Rearranging the services reveals that services in this architecture are allocated using a multi-tier pattern! This rearrangement might seem inconsequential, but making the patterns visible communicates the intent behind the architecture to downstream designers. For example, knowing this is a multi-tier pattern, I would not expect the REST API to communicate directly with a database from the Data Tier.

images/bad-diagram-with-legend-rearranged-annotated.png

We want the patterns to be visible in the diagrams we draw. We can accomplish this in a variety of ways. Choose names that reflect the pattern. Create views that highlight the patterns we’ve selected. Arrange the elements so you can see the pattern. Above all, use patterns as part of your vocabulary for sharing designs.

Strive for Consistency and Simplicity

Every drop of ink in our diagrams means something. Color, shape, orientation, font choice, and position convey meaning. Avoid superfluous details to help readers focus on the ideas you want to share. Choose different colors or shapes to highlight different ideas, not simply to make the diagram look pretty.

When sharing ideas, consistency is king. If an idea from the conceptual meta-model is present in two different diagrams, use the same shapes and colors to represent it. Readers will find meaning behind every change in color and font, even if you didn’t mean anything by it.

Likewise, too many details will overwhelm and confuse readers. Sometimes we’ll need multiple arrow heads to express an idea. Other times, too many arrows obfuscate meaning. Work to create the simplest diagrams as possible that still provide meaning.

Provide Descriptive Prose

The stories that accompany the picture are the most interesting part of a view. The story explains how elements in the view come together to promote or inhibit quality attributes and why we designed the system the way we did. Sometimes the diagram is the least interesting part of a view. All the action is in the story!

We’ll use descriptive prose to tell the stories about our architecture. Descriptive prose can be a simple table, paragraphs of text, bullet points, or even a verbal narrative. Think of diagrams as visual aides for stories about the architecture: where the architecture came from, how it works, where it’s going.

In Chapter 11, Describe the Architecture you will learn how to share the stories that accompany views. Diagrams are a vehicle for communicating design decisions and context, but diagrams can’t speak for themselves. It’s up to you to provide the story.

Joe asks:
Joe asks:
Should I Use an Architecture Description Language?

We’re not going to cover formal Architecture Description Languages (ADLs) in this book, but you should be aware that such a thing exists. Most architects use simple drawing tools such as PowerPoint, Visio, and Graphviz for day-to-day work. Some people even use pencil, paper, and a phone camera to great effect.

Simple diagramming tools are easy to use and produce shareable diagrams, but pictures don’t easily facilitate in-depth analysis. ADLs solve this problem by restricting and enforcing the vocabulary used to specify models. ADLs are usually implemented in tools, which can run automated checks against the models. Some ADLs can even generate or reverse-engineer code.

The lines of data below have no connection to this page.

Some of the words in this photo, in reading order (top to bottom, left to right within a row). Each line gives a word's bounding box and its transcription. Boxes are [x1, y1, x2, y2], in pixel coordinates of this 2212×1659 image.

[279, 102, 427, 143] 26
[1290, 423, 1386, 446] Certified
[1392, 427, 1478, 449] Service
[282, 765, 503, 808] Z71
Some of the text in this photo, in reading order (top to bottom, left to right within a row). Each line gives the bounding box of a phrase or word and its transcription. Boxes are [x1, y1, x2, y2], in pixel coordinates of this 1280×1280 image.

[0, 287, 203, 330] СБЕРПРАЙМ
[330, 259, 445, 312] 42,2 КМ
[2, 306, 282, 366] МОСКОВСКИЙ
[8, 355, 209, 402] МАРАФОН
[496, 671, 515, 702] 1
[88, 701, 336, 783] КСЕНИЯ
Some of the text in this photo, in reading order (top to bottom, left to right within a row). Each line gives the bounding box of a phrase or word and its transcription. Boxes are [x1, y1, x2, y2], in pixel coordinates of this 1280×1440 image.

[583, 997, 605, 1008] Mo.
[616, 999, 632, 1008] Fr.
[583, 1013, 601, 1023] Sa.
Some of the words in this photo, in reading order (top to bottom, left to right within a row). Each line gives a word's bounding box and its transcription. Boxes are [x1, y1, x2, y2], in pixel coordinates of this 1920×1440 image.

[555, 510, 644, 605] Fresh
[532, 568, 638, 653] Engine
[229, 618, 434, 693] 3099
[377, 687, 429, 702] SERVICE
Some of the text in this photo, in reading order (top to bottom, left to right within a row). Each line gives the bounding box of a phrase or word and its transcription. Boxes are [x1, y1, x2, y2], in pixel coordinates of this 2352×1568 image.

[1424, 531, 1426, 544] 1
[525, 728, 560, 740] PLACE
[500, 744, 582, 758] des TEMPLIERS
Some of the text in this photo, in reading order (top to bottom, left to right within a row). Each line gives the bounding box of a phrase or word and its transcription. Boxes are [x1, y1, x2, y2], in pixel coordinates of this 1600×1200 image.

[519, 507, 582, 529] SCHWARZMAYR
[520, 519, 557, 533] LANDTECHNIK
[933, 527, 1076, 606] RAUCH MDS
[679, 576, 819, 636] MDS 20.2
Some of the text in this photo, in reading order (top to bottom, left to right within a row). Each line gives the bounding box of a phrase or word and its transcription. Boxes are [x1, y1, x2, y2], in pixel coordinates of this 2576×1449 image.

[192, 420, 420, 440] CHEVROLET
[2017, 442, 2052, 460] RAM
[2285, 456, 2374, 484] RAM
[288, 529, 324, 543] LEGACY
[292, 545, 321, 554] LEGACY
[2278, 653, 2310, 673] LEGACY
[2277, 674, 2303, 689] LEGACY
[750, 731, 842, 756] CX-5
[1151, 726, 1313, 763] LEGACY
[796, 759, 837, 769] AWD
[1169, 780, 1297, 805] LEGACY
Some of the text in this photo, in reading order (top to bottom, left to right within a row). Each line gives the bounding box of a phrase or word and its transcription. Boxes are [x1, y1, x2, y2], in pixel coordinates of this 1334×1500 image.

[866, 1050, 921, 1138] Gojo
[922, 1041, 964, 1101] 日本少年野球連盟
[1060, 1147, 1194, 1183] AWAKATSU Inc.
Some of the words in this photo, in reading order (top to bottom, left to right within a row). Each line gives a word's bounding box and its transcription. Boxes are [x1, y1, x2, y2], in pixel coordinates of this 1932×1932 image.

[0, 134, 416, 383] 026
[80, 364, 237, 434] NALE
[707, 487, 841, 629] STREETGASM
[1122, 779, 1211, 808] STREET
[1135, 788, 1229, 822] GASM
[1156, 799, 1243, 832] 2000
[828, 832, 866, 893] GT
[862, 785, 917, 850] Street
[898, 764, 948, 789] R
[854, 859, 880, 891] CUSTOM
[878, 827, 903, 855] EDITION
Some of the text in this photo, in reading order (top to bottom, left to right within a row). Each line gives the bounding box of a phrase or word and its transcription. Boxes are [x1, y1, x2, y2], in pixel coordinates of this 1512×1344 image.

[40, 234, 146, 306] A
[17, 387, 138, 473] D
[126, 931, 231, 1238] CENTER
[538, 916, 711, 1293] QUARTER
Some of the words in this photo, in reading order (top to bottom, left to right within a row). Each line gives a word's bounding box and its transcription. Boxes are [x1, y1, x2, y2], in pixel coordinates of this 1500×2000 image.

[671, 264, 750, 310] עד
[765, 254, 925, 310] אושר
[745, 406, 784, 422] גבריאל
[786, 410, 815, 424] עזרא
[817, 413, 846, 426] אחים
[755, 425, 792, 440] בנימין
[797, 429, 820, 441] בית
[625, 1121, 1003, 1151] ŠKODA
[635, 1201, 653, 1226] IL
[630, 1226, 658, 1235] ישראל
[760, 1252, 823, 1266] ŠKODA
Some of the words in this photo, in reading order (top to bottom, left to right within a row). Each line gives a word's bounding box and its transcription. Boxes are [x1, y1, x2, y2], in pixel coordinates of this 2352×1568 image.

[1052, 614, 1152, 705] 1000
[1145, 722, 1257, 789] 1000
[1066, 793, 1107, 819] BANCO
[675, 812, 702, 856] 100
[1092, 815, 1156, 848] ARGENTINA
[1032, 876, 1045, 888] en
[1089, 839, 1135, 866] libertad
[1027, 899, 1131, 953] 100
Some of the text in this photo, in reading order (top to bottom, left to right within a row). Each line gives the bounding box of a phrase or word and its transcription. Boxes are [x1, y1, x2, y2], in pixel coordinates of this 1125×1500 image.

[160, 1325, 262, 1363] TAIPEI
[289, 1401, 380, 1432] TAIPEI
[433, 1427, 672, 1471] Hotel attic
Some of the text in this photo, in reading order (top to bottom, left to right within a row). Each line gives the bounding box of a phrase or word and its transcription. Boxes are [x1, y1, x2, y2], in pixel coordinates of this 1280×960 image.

ADLs sound awesome but in practice don’t always make life easier. The ADL you select will limit expressiveness of the design. Software tools that support ADLs will often save models in proprietary formats. In my experience, most tools are immature and have a steep learning curve.

My advice is to use an ADL only if you really, really want to use one. You can peruse an up-to-date list of ADLs at http://www.di.univaq.it/malavolta/al/.

images/activity-icon.png Get Your Hands Dirty: Critique Some Diagrams

Find some diagrams from a recent software system you helped build. Knowing what you know now about how to visualize the architecture, what would you change about these diagrams? If this project is still in progress, try to improve the view and share it with your team.

Here are some things to think about:

  • What does the diagram help you to reason about?

  • What are the essential patterns in the diagram? Are there hidden patterns?

  • What is the underlying meta-model? Can it be discerned from the diagram alone?

  • Is the diagram complete? Could it be simplified and still be effective?